127 was chosen because it was the highest first octet in a Class A network (back when classful routing was used.) The rest of the network number was chosen because it’s all zeroes, which is easy to remember. Any node number from 1 to 255 will work for loopback. (Try pinging 127.0.0.42; it will work.)
As Francis points out, you can’t use all zeroes since that’s the broadcast address.
Also, you can use the 0 in an address range. Any network block greater than a /24 will have at least one valid IP address ending in .0.
Example: For the network 10.0.0.0/23 you have
Network Address: 10.0.0.0
Broadcast Address: 10.0.1.255
Available Addresses: 10.0.0.1 - 10.0.1.254
The range of available addresses includes the valid addresses of 10.0.0.255 and 10.0.1.0. There’s nothing technically wrong with using those addresses; however, they’re typically not used to avoid confusion.
One further point is that, in 20/20 hindsight, it was a mistake to devote such a huge chunk of address space to the loopback function. It would have worked just as well to use a Class C network, or even (as was later done with IPv6) a single address. The decision was made back in the early 80s, when nobody could have anticipated the worldwide explosion of Internet usage, and the resulting shortage of routable IPv4 addresses.

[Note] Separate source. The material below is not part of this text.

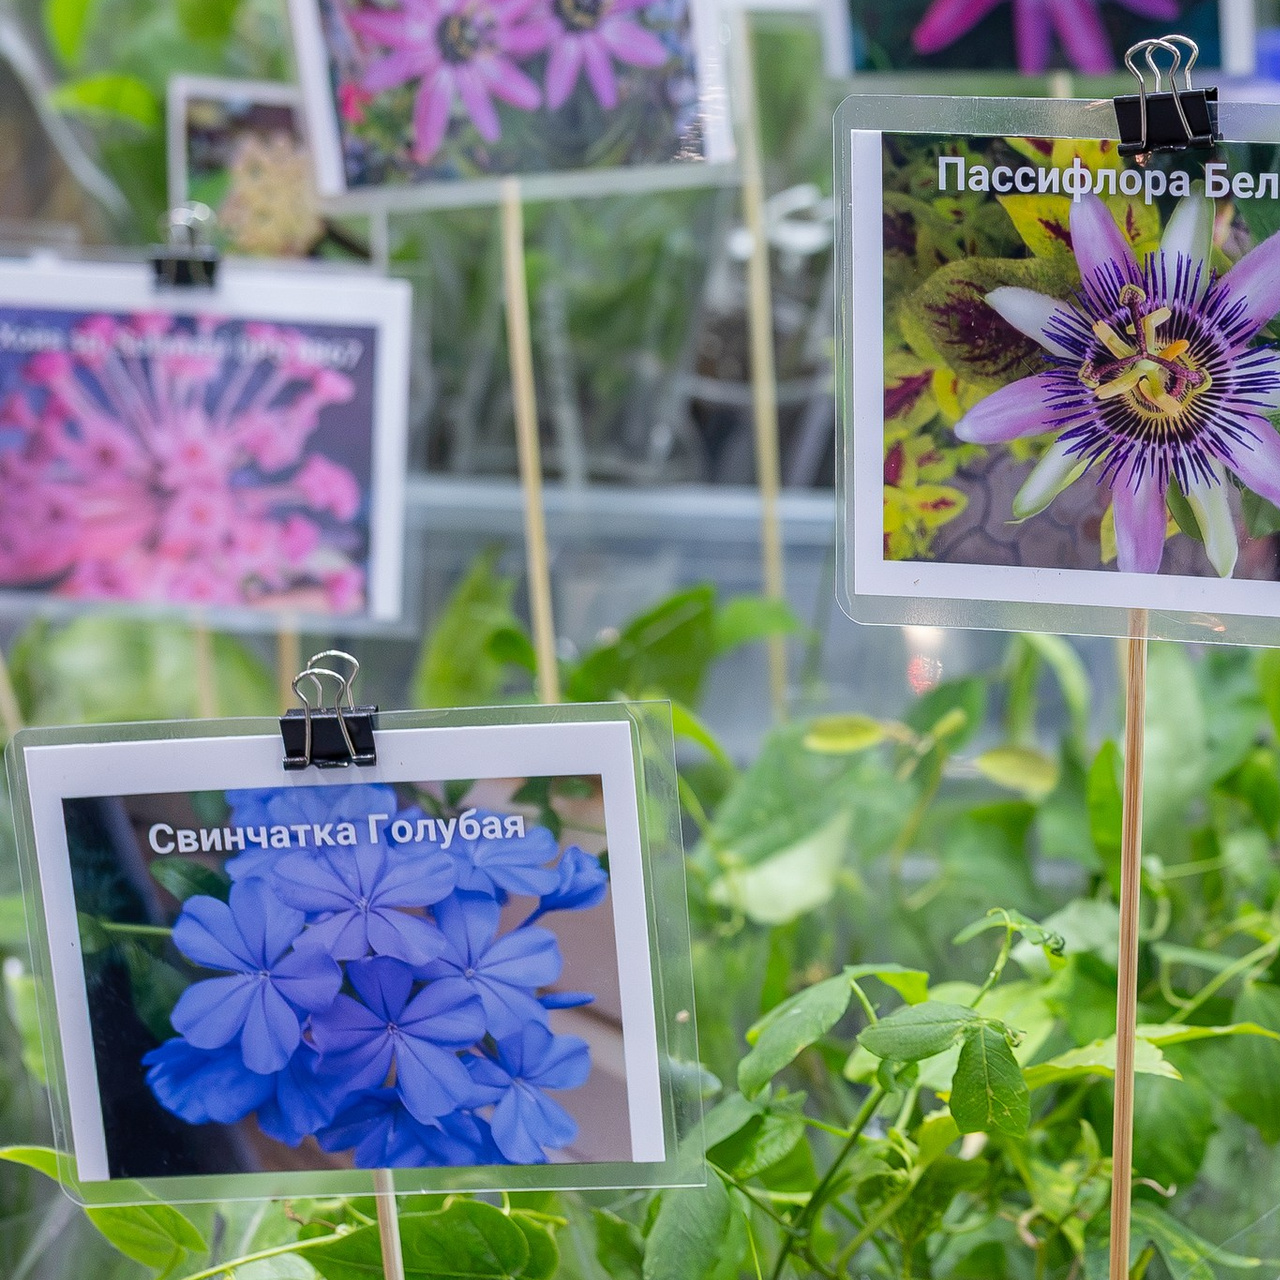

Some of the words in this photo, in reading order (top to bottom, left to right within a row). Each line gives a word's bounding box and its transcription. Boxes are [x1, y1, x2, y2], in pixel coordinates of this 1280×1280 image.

[937, 155, 1191, 205] Пассифлора
[148, 819, 358, 856] Свинчатка
[366, 811, 527, 850] Голубая

Quite. That x.y.z.0 doesn’t have to be a network address makes more sense in the underlying binary (same example):
00001010000000000000000000000000 : Network Address
11111111111111111111111000000000 : Subnet mask for /23 (1s mark the network portion, 0s the host - {IP address} AND {Subnet mask} = {Network address for that IP address})
00001010000000000000000111111111 : Broadcast address (all 1s for host portion)
Everything between the network address and broadcast address in binary is a valid address on that network. How they come out in decimal notation should not matter.